Figure 3.

Regulation of stem cell self-renewal, differentiation, and reprogramming by ROS. (a) MSCs. MSCs have low numbers of mitochondria that generate low levels of ROS at undifferentiated state. Low ROS generation sustains the capability of forming colony-forming unit-fibroblasts (CFU-F). Upon differentiation, the number of mitochondria and the ROS levels are increased. ROS promotes the adipogenesis, osteogenesis, and chondrogenesis from MSCs. (b) PSCs. Undifferentiated PSCs have low mitochondrial biogenesis, which increases upon differentiation. Mild levels of ROS promote PSC self-renewal and the expression of Oct-4, NANOG, and SOX-2. Alternatively, the spontaneous and lineage-specific differentiations are associated with the increased ROS generation.
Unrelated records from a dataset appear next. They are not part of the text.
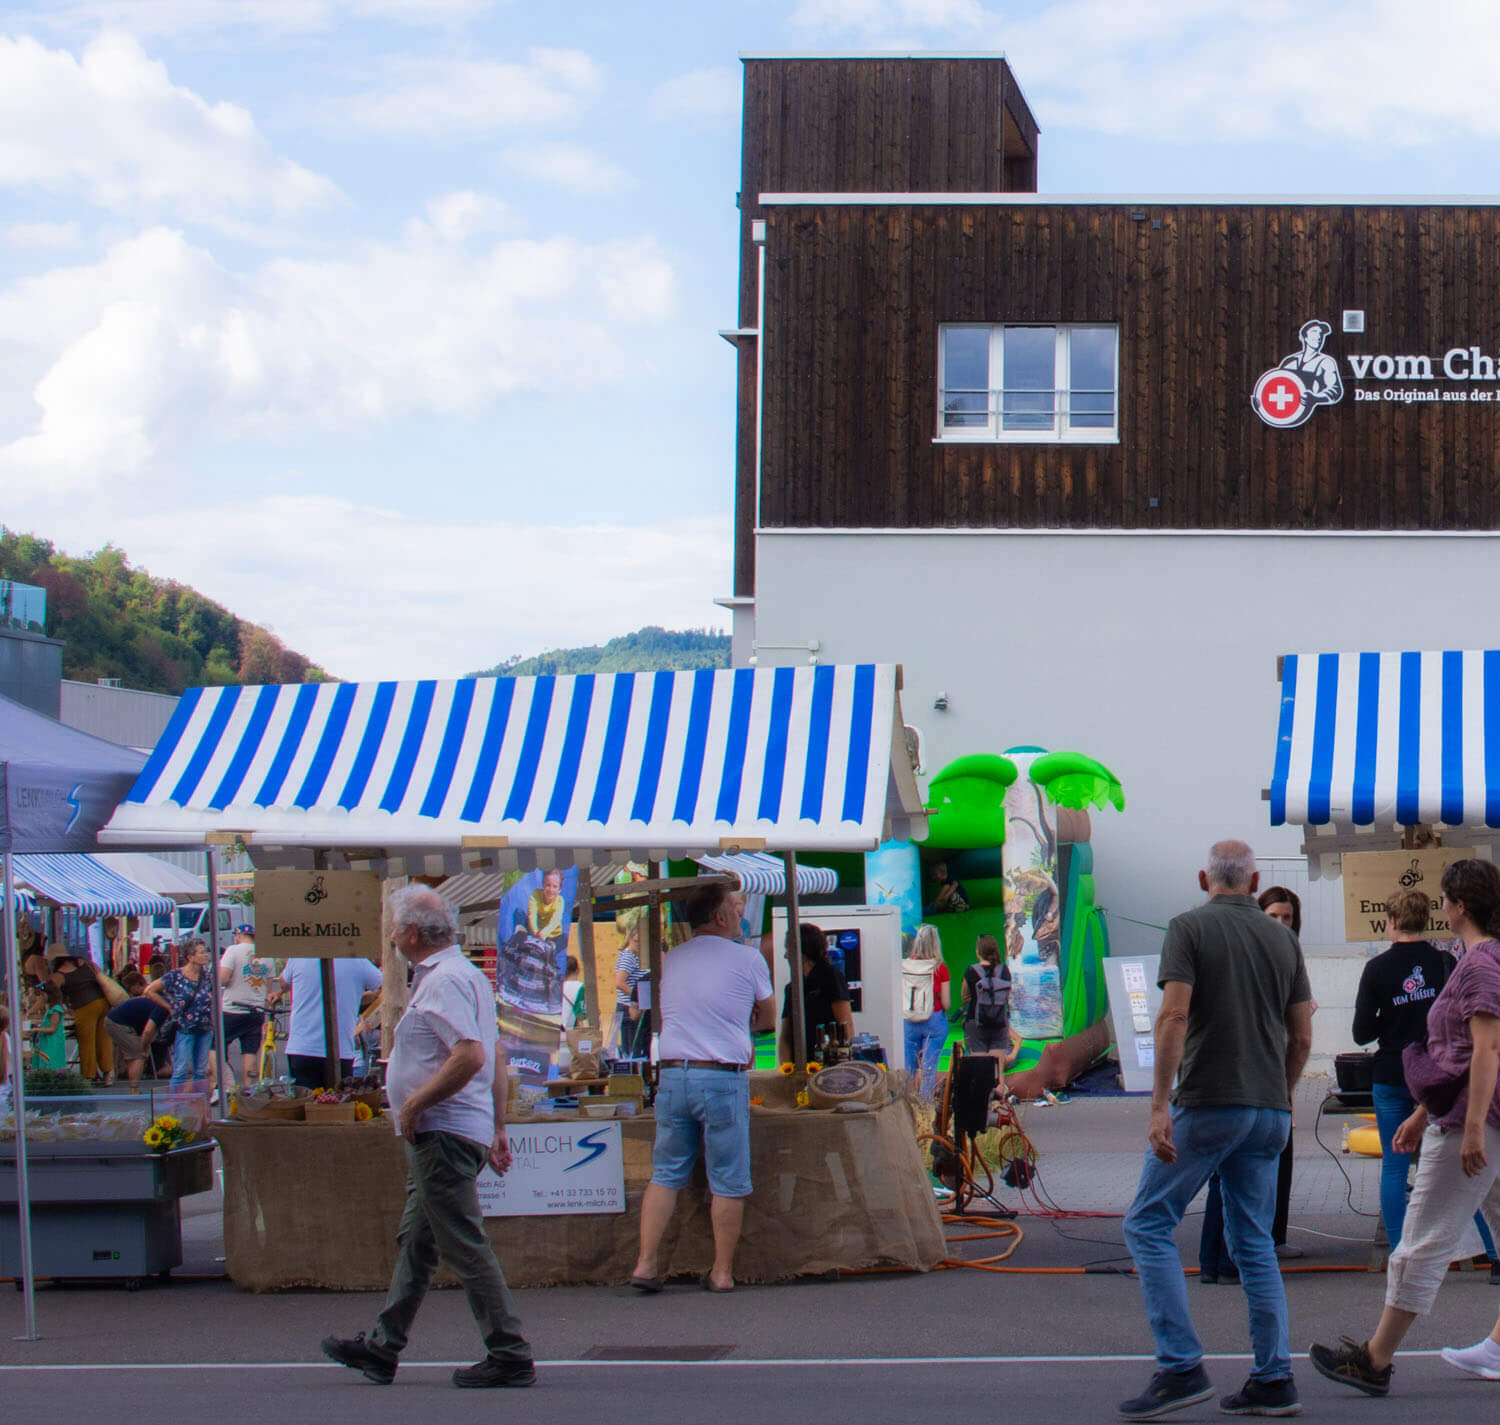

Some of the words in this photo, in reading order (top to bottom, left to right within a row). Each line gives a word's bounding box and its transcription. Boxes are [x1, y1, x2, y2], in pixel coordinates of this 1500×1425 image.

[1346, 355, 1434, 380] vom
[1354, 389, 1380, 401] Das
[1383, 388, 1439, 404] Original
[1442, 390, 1467, 402] aus
[1470, 388, 1494, 402] der
[272, 923, 312, 937] Lenk
[315, 923, 361, 937] Milch
[509, 1136, 572, 1154] MILCH
For examples, ROS triggers PI3K and p38, which support cardiomyogenic differentiation. ROS also enhances neuronal differentiation through JNK activation. (c) iPSCs. During reprogramming, iPSCs show the decreased mitochondria biogenesis and a reduction of ROS production compared to the somatic cells. Increasing ROS scavenging during reprogramming enhances the efficiency of iPSC generation, which depends on the methods of OKSM (Oct-4, Klf-4, SOX-2, and c-MYC) transfection.